Dataset content:

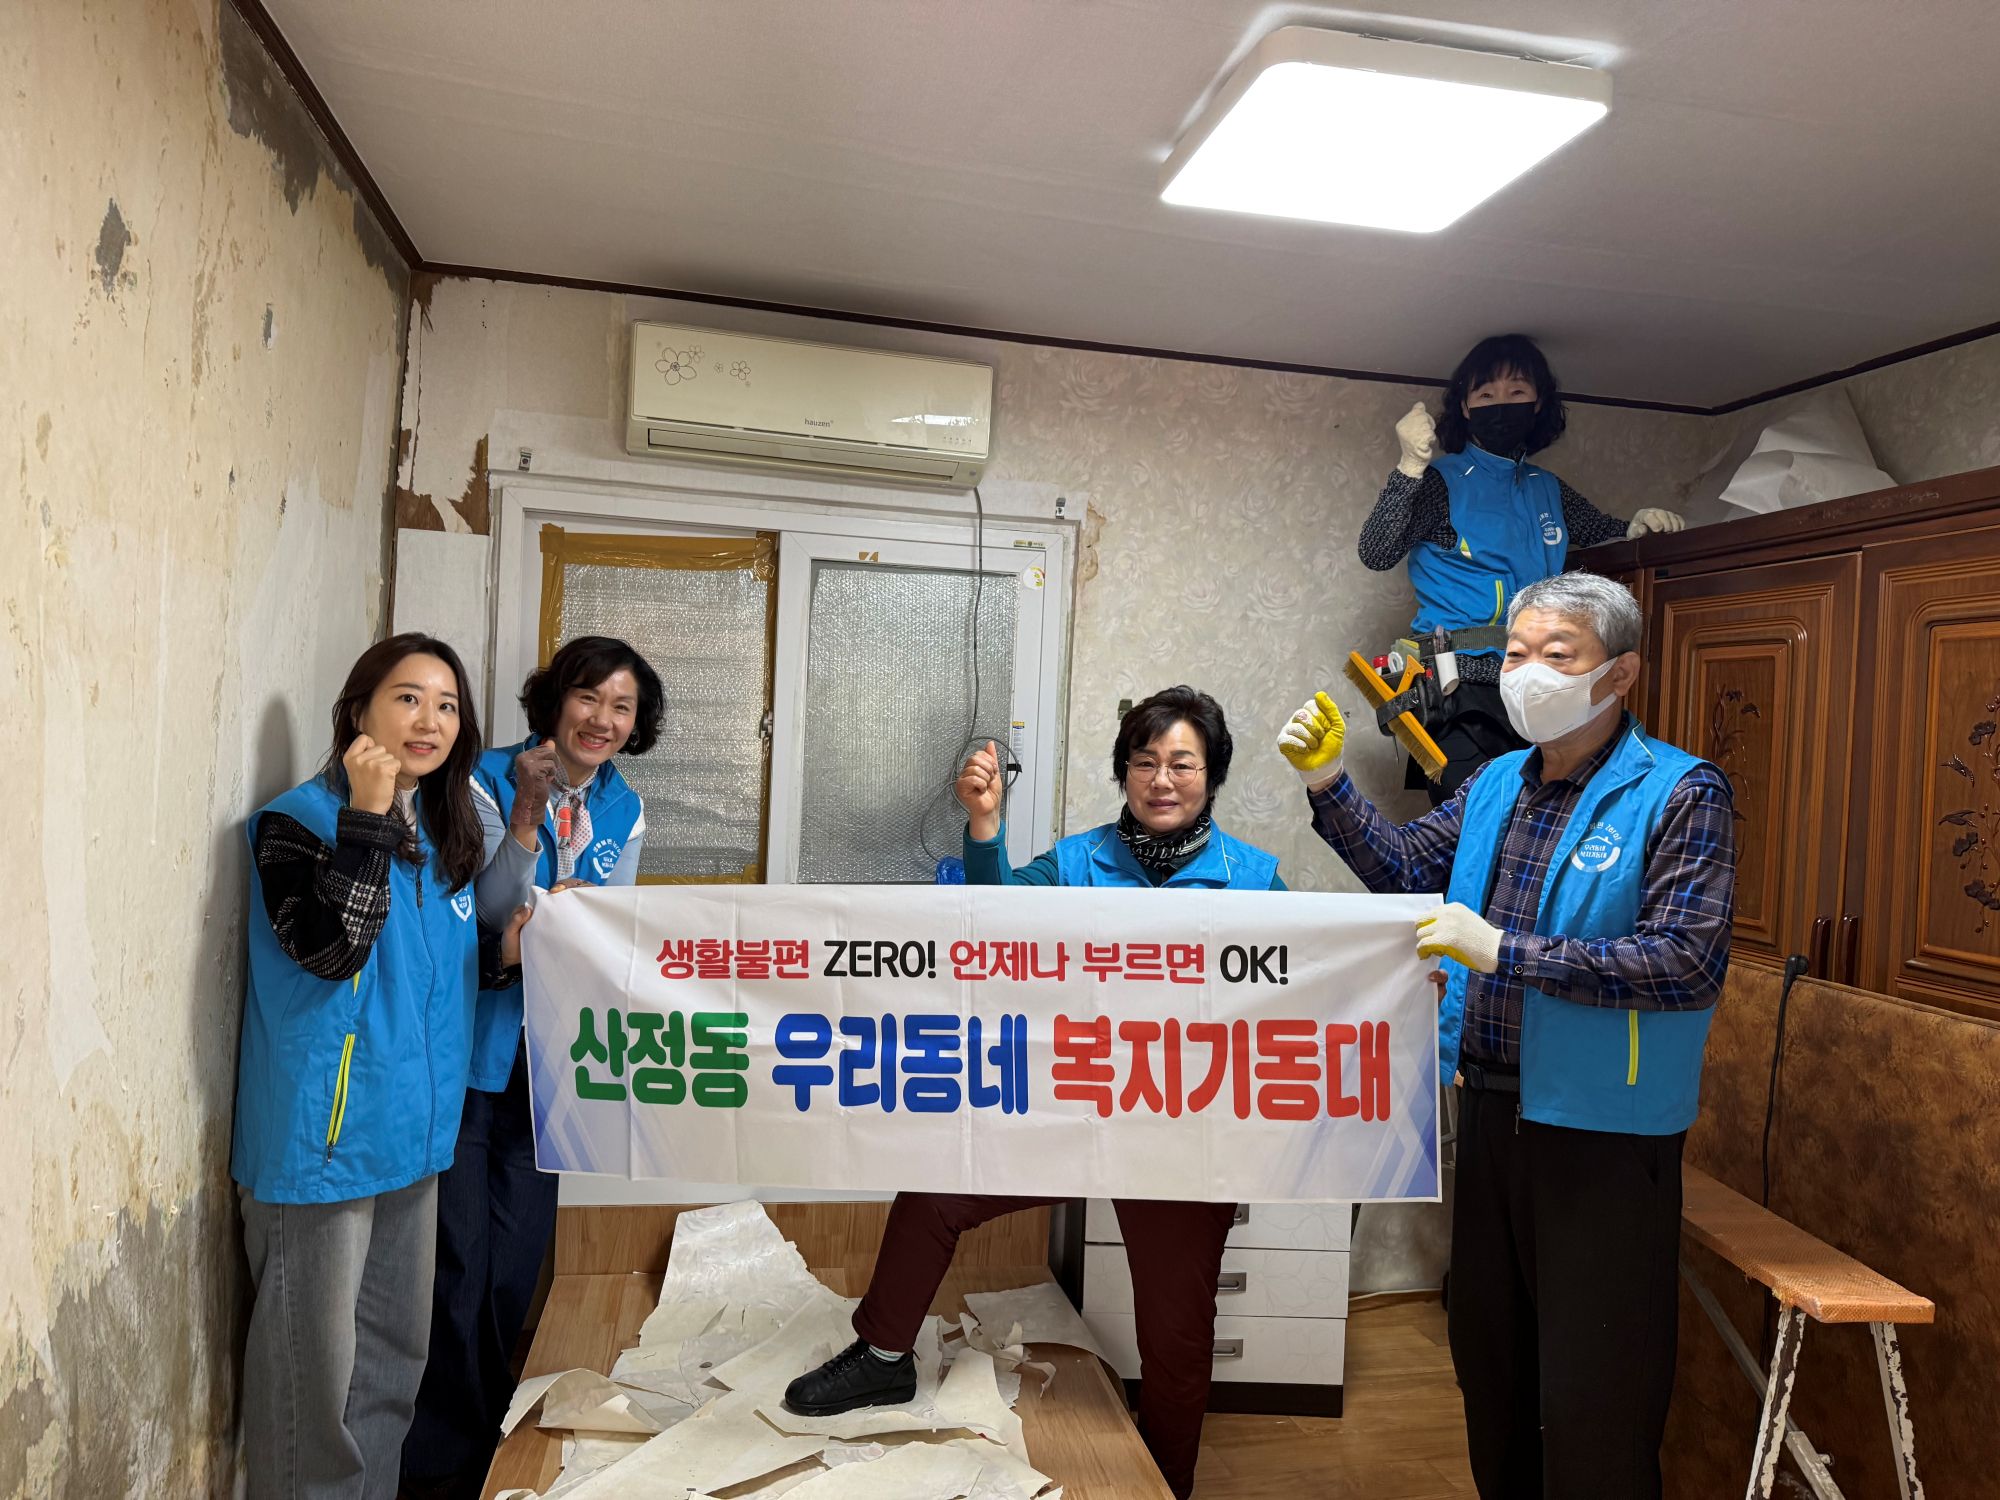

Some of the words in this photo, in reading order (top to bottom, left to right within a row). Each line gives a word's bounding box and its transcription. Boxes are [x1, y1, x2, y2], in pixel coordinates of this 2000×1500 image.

[656, 939, 809, 980] 생활불편
[823, 940, 936, 979] ZERO!
[949, 940, 1070, 982] 언제나
[1082, 943, 1205, 985] 부르면
[1219, 944, 1289, 985] OK!
[570, 1007, 750, 1108] 산정동
[772, 1013, 1029, 1115] 우리동네
[1051, 1014, 1391, 1122] 복지기동대

Work order:
Without the pictures, copy out each entry exactly as it stands.

Exercise output:
Some of the words in this photo, in reading order (top to bottom, left to right within a row). Each line gives a word's bounding box and its transcription. Boxes are [x1, y1, x2, y2], in pixel coordinates of this 2000×1500 image.

[656, 939, 809, 980] 생활불편
[823, 940, 936, 979] ZERO!
[949, 940, 1070, 982] 언제나
[1082, 943, 1205, 985] 부르면
[1219, 944, 1289, 985] OK!
[570, 1007, 750, 1108] 산정동
[772, 1013, 1029, 1115] 우리동네
[1051, 1014, 1391, 1122] 복지기동대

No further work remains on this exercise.